Supplied information -
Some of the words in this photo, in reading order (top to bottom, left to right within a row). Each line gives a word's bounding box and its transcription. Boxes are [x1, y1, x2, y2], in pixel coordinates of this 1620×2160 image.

* * *

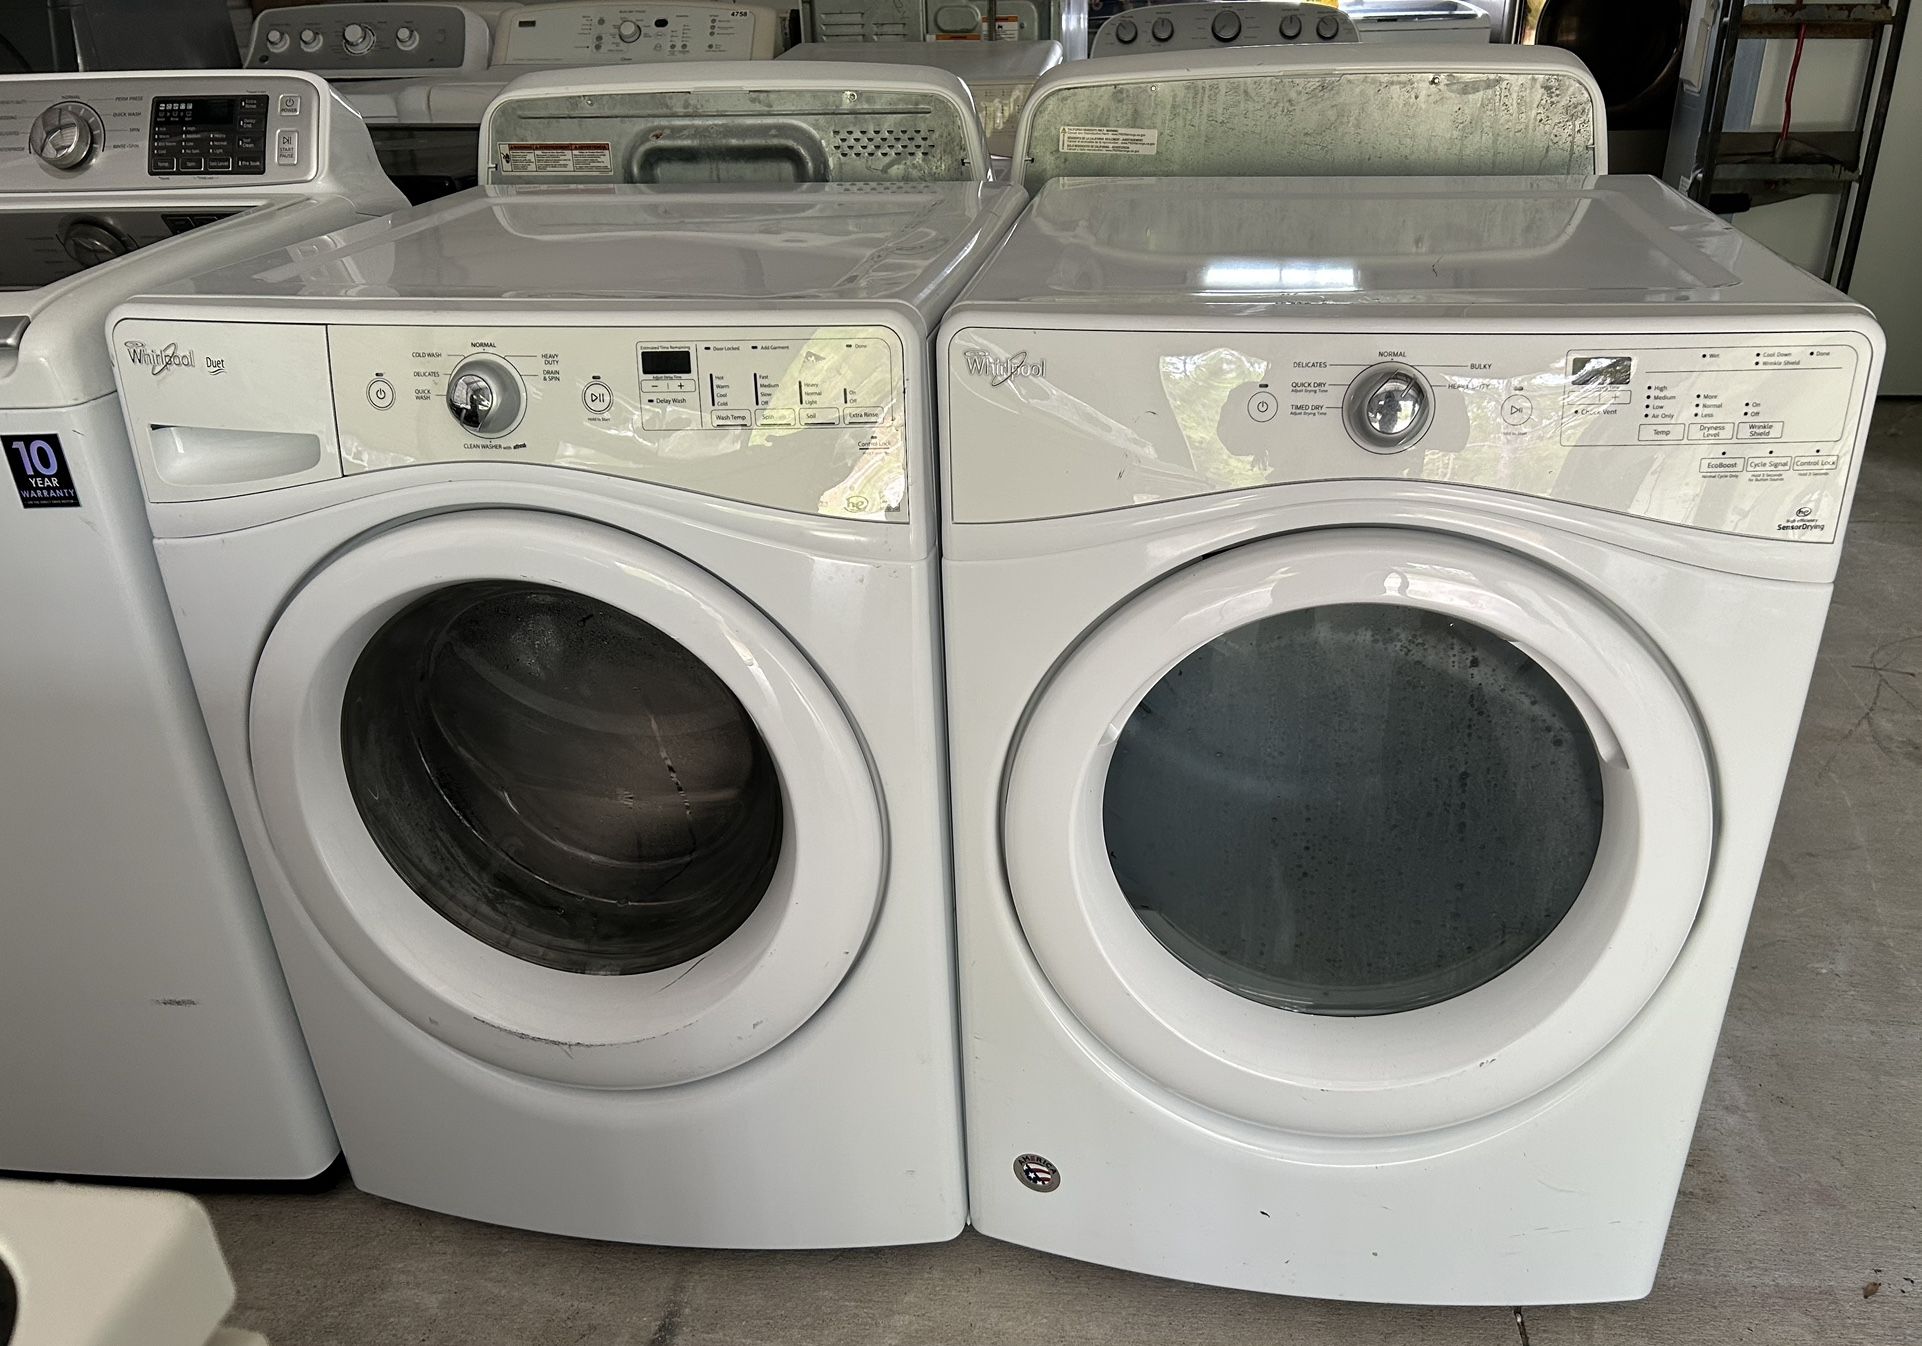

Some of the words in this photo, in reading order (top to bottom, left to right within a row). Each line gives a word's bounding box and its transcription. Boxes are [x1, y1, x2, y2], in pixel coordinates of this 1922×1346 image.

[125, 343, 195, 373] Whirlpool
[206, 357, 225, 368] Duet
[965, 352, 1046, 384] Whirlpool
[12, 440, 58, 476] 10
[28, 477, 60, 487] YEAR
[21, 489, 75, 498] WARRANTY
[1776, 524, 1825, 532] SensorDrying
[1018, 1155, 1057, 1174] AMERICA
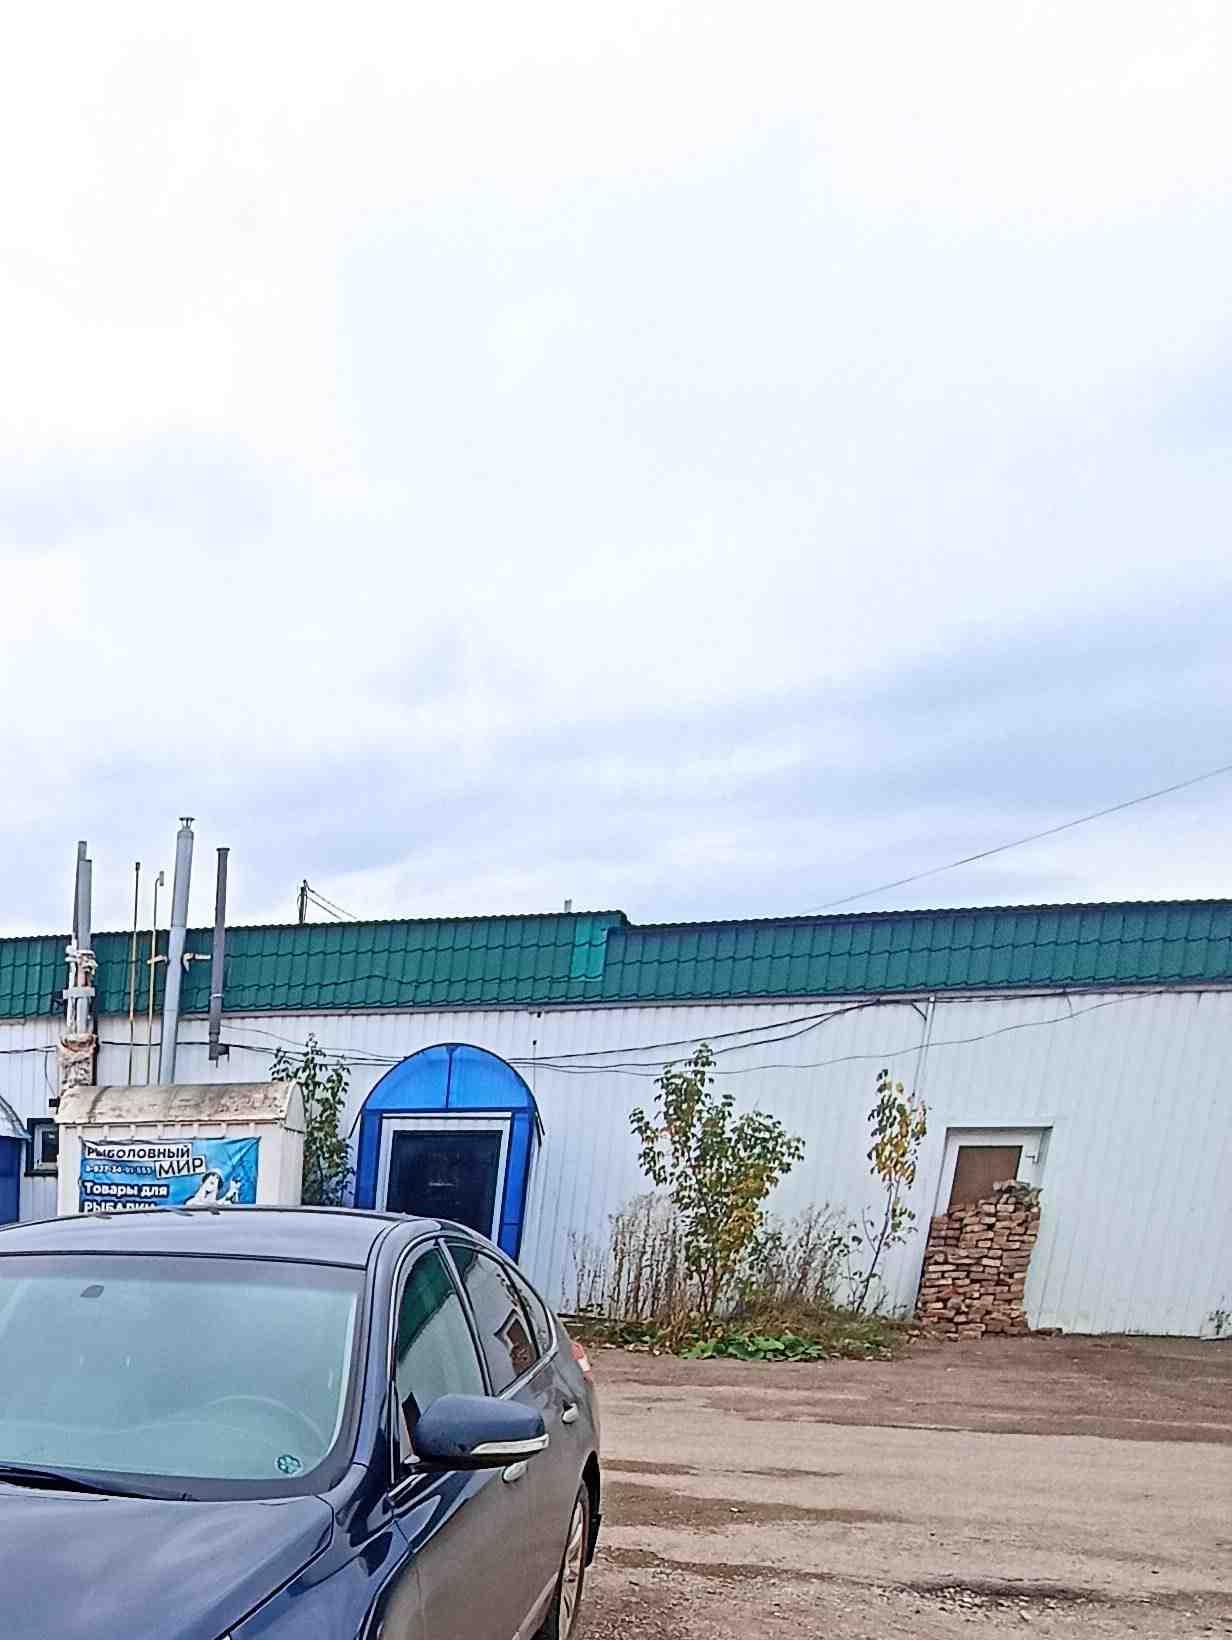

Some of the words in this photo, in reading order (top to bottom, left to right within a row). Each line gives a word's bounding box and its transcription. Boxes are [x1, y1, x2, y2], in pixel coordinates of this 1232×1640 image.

What to produce - Quote the data above exactly from the line with "this 1922×1346 image." to the line with "this 1232×1640 image.", both ends counted, and nothing else. Pictures don't go in.

Answer -
Some of the words in this photo, in reading order (top to bottom, left to right within a row). Each line gives a word's bounding box and its transcription. Boxes are [x1, y1, x2, y2], in pixel coordinates of this 1922×1346 image.

[125, 343, 195, 373] Whirlpool
[206, 357, 225, 368] Duet
[965, 352, 1046, 384] Whirlpool
[12, 440, 58, 476] 10
[28, 477, 60, 487] YEAR
[21, 489, 75, 498] WARRANTY
[1776, 524, 1825, 532] SensorDrying
[1018, 1155, 1057, 1174] AMERICA

Some of the words in this photo, in reading order (top to bottom, left to right within a row). Each line gives a word's bounding box and its transcription. Boxes are [x1, y1, x2, y2], in pixel coordinates of this 1232×1640 image.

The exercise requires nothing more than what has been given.